Saved data entries:
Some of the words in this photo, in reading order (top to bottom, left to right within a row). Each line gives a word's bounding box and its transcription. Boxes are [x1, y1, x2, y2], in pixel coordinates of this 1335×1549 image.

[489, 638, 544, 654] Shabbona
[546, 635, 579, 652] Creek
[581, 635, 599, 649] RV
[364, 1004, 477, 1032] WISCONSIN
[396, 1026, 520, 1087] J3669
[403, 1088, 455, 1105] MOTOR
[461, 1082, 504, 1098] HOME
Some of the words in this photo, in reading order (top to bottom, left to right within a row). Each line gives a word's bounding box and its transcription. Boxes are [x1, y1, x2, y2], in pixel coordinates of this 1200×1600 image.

==

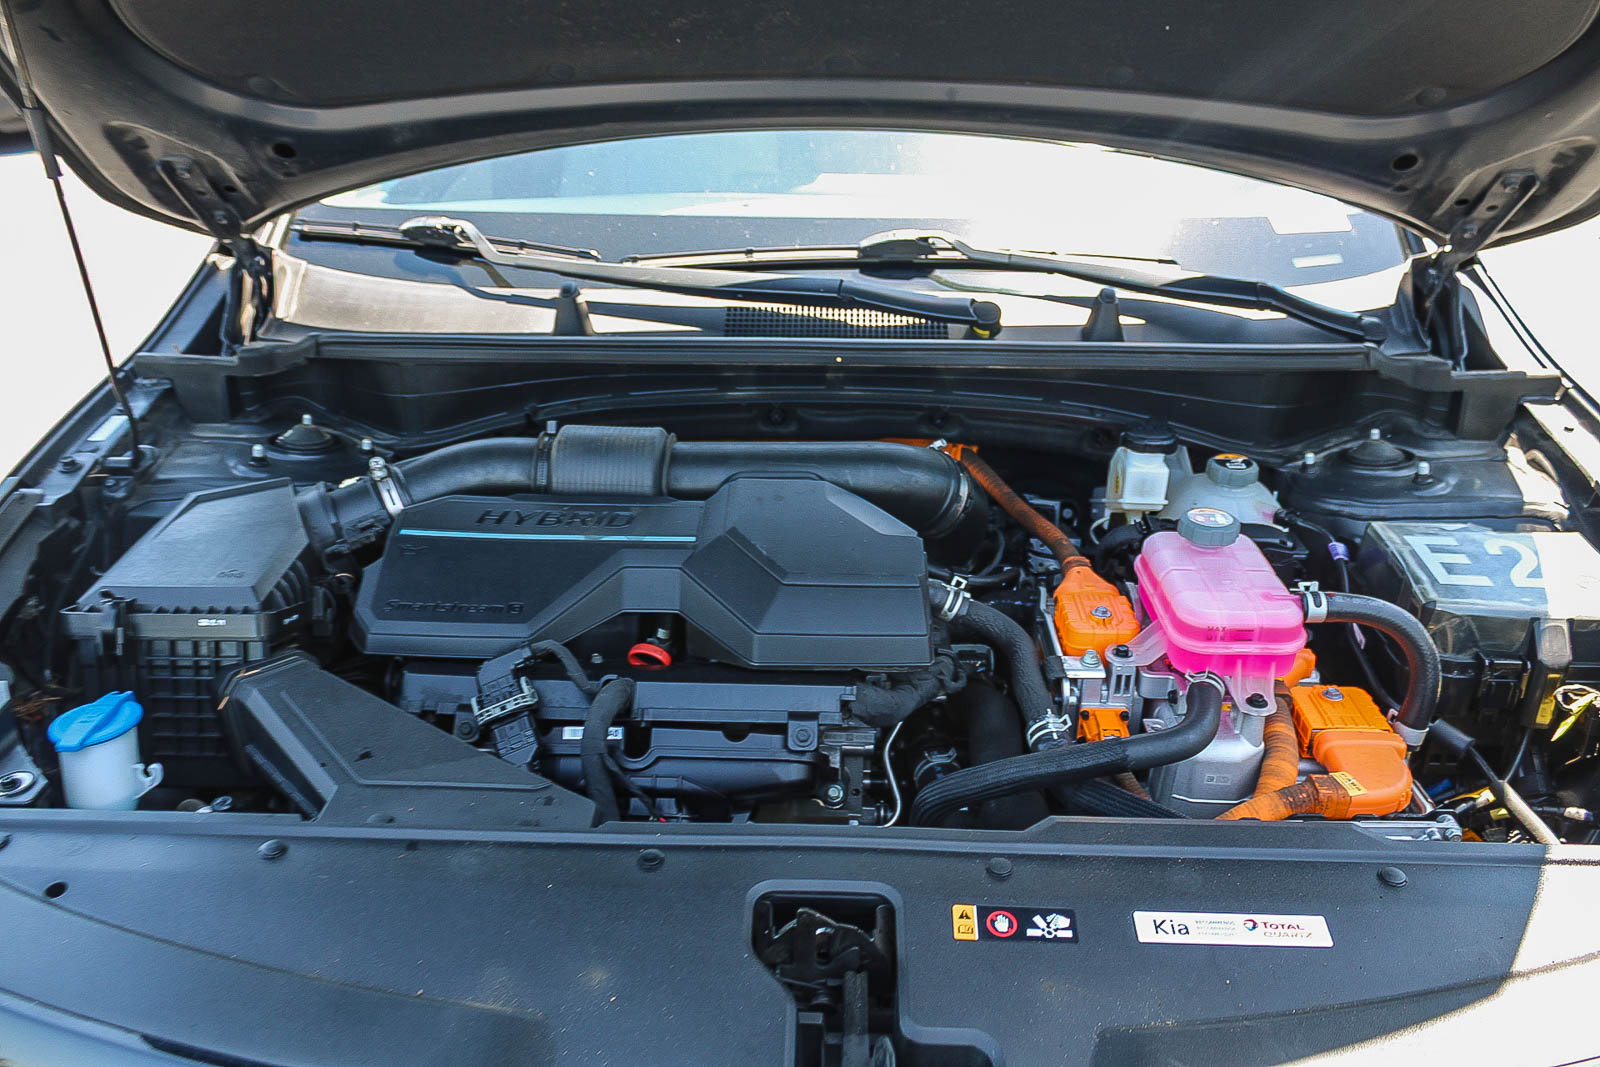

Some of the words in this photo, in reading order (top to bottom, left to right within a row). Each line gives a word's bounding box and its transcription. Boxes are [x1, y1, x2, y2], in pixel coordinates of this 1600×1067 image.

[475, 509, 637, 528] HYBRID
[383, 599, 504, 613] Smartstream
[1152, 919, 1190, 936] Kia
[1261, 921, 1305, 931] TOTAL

--

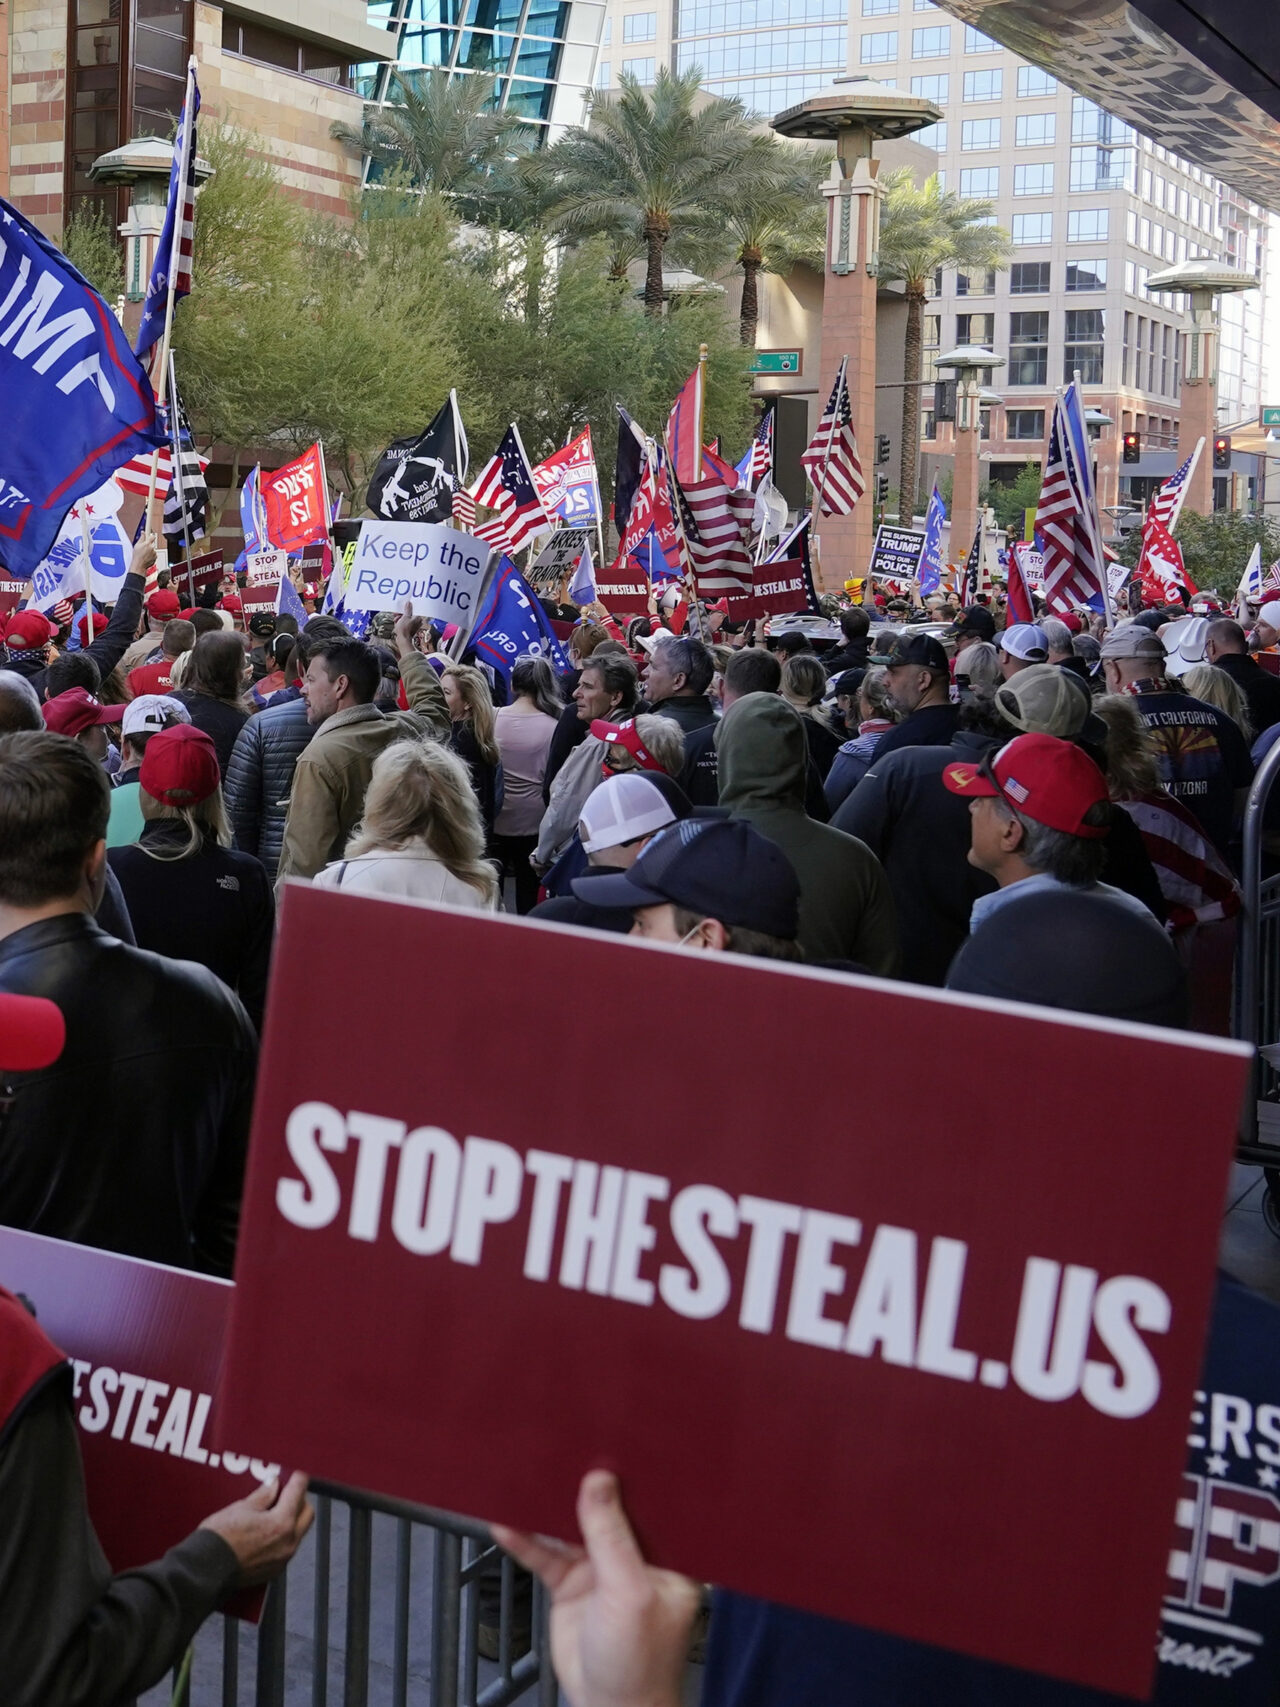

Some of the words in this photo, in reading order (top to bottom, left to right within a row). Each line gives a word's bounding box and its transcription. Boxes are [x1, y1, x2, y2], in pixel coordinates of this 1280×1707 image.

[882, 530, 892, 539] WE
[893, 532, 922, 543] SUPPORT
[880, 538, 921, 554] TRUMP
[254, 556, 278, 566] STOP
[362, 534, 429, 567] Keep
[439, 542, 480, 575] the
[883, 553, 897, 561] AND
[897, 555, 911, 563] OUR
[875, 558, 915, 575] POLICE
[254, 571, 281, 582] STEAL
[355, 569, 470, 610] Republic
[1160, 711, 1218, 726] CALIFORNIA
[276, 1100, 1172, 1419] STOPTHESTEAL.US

* Exercise description: Print, without alteration, only the lines above between the one holding "this 1335×1549 image." and the one holding "this 1200×1600 image.", inclusive.

* Solution to this exercise:
Some of the words in this photo, in reading order (top to bottom, left to right within a row). Each line gives a word's bounding box and its transcription. Boxes are [x1, y1, x2, y2], in pixel coordinates of this 1335×1549 image.

[489, 638, 544, 654] Shabbona
[546, 635, 579, 652] Creek
[581, 635, 599, 649] RV
[364, 1004, 477, 1032] WISCONSIN
[396, 1026, 520, 1087] J3669
[403, 1088, 455, 1105] MOTOR
[461, 1082, 504, 1098] HOME
Some of the words in this photo, in reading order (top to bottom, left to right within a row). Each line gives a word's bounding box and its transcription. Boxes are [x1, y1, x2, y2], in pixel coordinates of this 1200×1600 image.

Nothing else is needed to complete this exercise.